Complex Partial—Impairment of consciousness, characteristic of complex partial seizures (CPS), results in the inability to respond to or carry out simple commands or to execute willed movement, and a lack of awareness of one's surroundings and events. Automatisms may occur. An automatism is a more or less coordinated, involuntary motor activity. A simple complex seizure may begin as a simple partial seizure.



Tics are purposeless, rapid and repeated contractions of a group of muscles that result in movement (a motor tic) or the production of a sound (a vocal tic). Sometimes, a tic involves more complex behaviour.

Motor tics often involve the muscles of the face, head and neck, with movements such as blinking, lip smacking, facial twitching, grimacing and shrugging of the shoulders. Common vocal tics include coughing, grunting or clearing the throat.

The intensity of a tic can vary. Occasionally, tics are forceful, which can be frightening and uncomfortable.

Tics aren't voluntary movements - in other words, they can't be consciously controlled - although some people say they feel a strong urge to move, linked to stress. Some people are able to suppress their tics briefly, but this is said to be like holding back a sneeze and tension rises until the tic finally escapes.

Tics are usually divided into several categories, as described below.

Transient tic disorders

As many as one in four children will develop a transient or simple tic at some point during their school years. Such tics usually occur in just one muscle group and don't last more than a few months, although a child may have a series of different transient tics over a period of years.

Transient motor tics may include blinking, squinting, snapping the fingers, jerking the head or wrinkling the nose. Occasionally, transient vocal tics such as gurgling or humming occur. The tic may even involve more bizarre behaviour, such as touching objects or licking.

Transient tics may become more prominent when a child is tired or excited, but they don't lead to harm and don't need treatment. They decrease or disappear when the child sleeps.

Chronic tic disorders

Not only do chronic tics persist, sometimes for years, but they change little in their character. While they don't usually need treatment, they can be disruptive, especially if a child realises others think them strange. Occasionally, a person has several tics and is said to have chronic multiple tics.

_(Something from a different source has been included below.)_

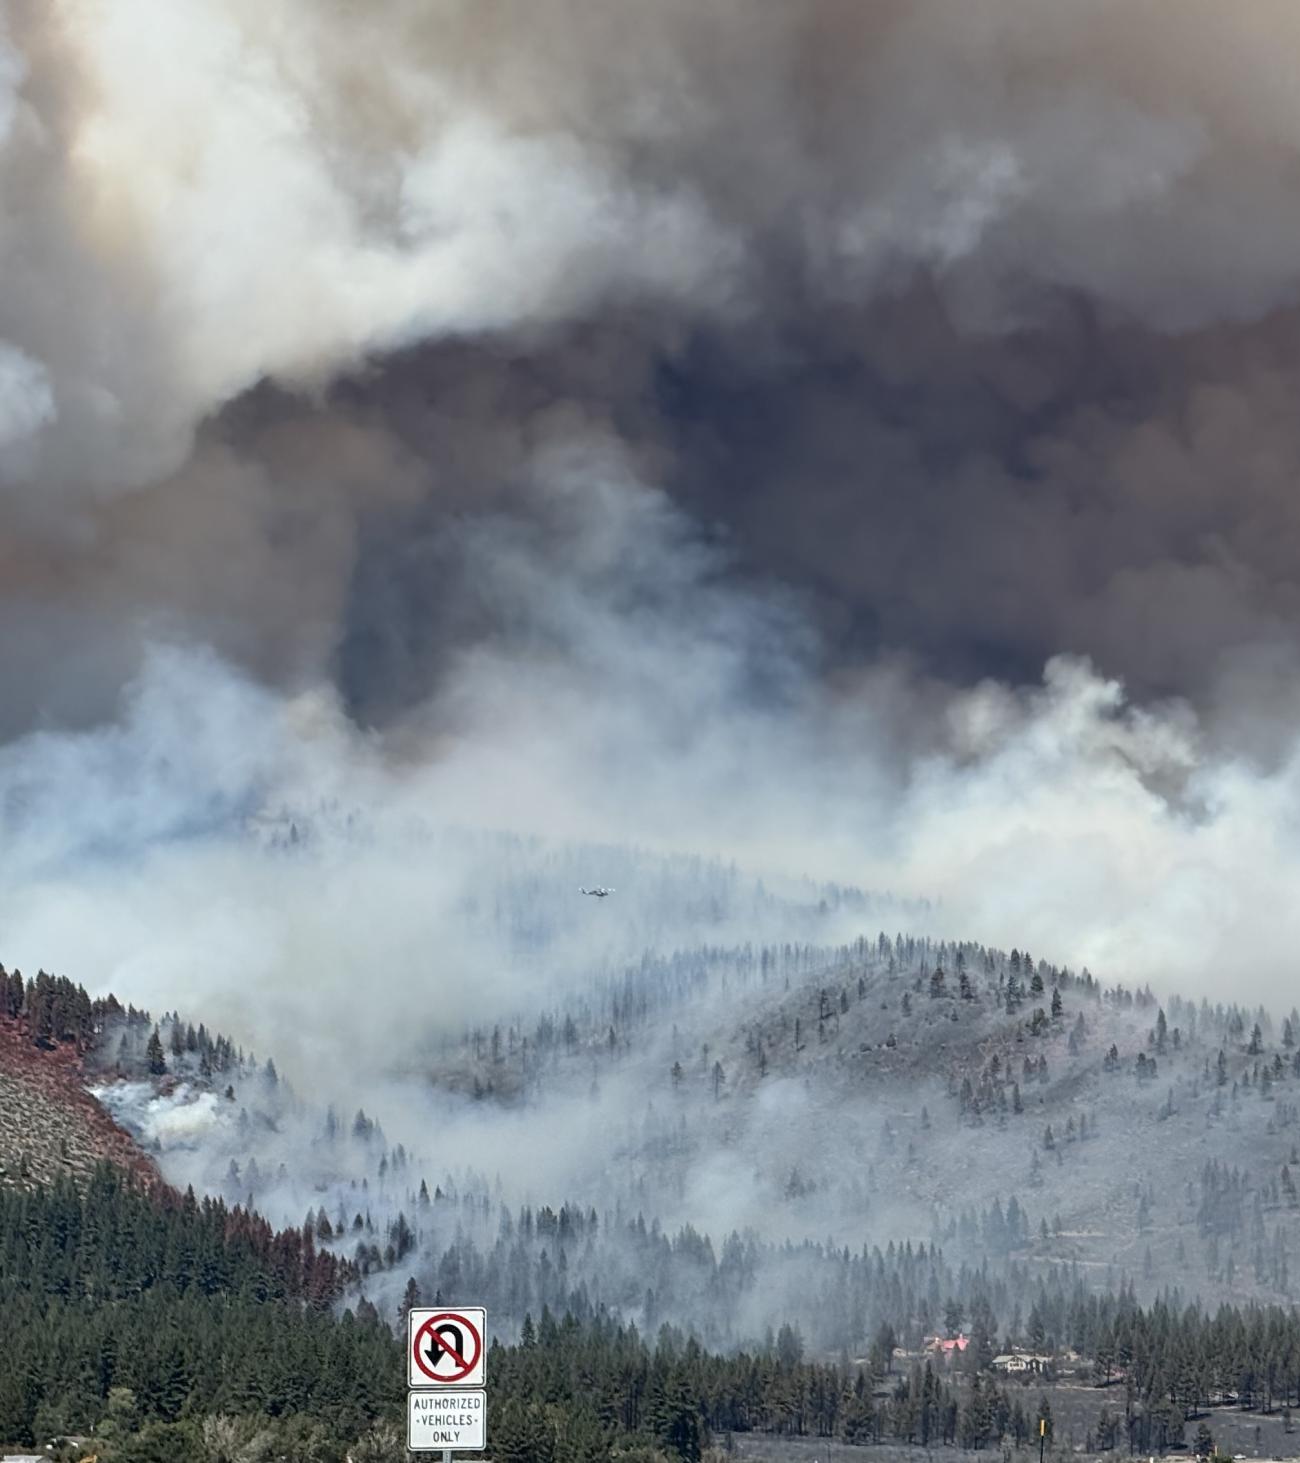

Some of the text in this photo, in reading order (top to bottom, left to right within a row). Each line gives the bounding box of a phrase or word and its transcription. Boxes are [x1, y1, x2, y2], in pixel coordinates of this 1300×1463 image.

[414, 1398, 481, 1409] AUTHORIZED
[422, 1415, 472, 1425] VEHICLES
[433, 1431, 460, 1442] ONLY

The bugs in the bed might be a reaction to light touch -- maybe a draft from the air conditioner?

According to childbrain, it is rare that rapid, brief seizures cause what looks like tics (see below).  Good luck at the neurologist appointment.  Hope you get a good night's sleep tonight.

What are Some Other Causes for Tics?

Tics may be caused by extreme stress, some medications including Ritalin, Dexedrine, and Adderall (stimulants), or Tegretol may cause them. On rare occasions, some infections that involve the brain (encephalitis) may be associated with tics. Other genetic and metabolic disorders, mostly those that affect the basal ganglia may be associated with tics or with tic-like phenomenon. Also viral infections may rarely cause tics. Streptococcal infections have been associated with the development of tics and obsessive-compulsive behaviors. PANDAS or pediatric autoimmune neuropsychiatric disorders associated with streptococcal infections, is a known entity in which the antibodies to the streptococcal bacteria attack the basal ganglia causing the above-mentioned symptoms.

Tics must be differentiated from chorea. Chorea is a movement disorder that unlike tics, cannot be reproduced by an observer, is more difficult to suppress, and is incorporated into voluntary movements. Rarely some seizures may be brief and rapid imitating tic disorders.